For this exercise, repeat the records below exactly as written.

:: Working data ::

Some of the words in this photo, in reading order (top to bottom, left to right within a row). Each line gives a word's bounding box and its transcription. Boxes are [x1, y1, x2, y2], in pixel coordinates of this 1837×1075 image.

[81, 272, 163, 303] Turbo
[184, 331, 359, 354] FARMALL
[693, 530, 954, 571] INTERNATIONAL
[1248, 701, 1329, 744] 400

:::

◆ **Answer to this problem**:
Some of the words in this photo, in reading order (top to bottom, left to right within a row). Each line gives a word's bounding box and its transcription. Boxes are [x1, y1, x2, y2], in pixel coordinates of this 1837×1075 image.

[81, 272, 163, 303] Turbo
[184, 331, 359, 354] FARMALL
[693, 530, 954, 571] INTERNATIONAL
[1248, 701, 1329, 744] 400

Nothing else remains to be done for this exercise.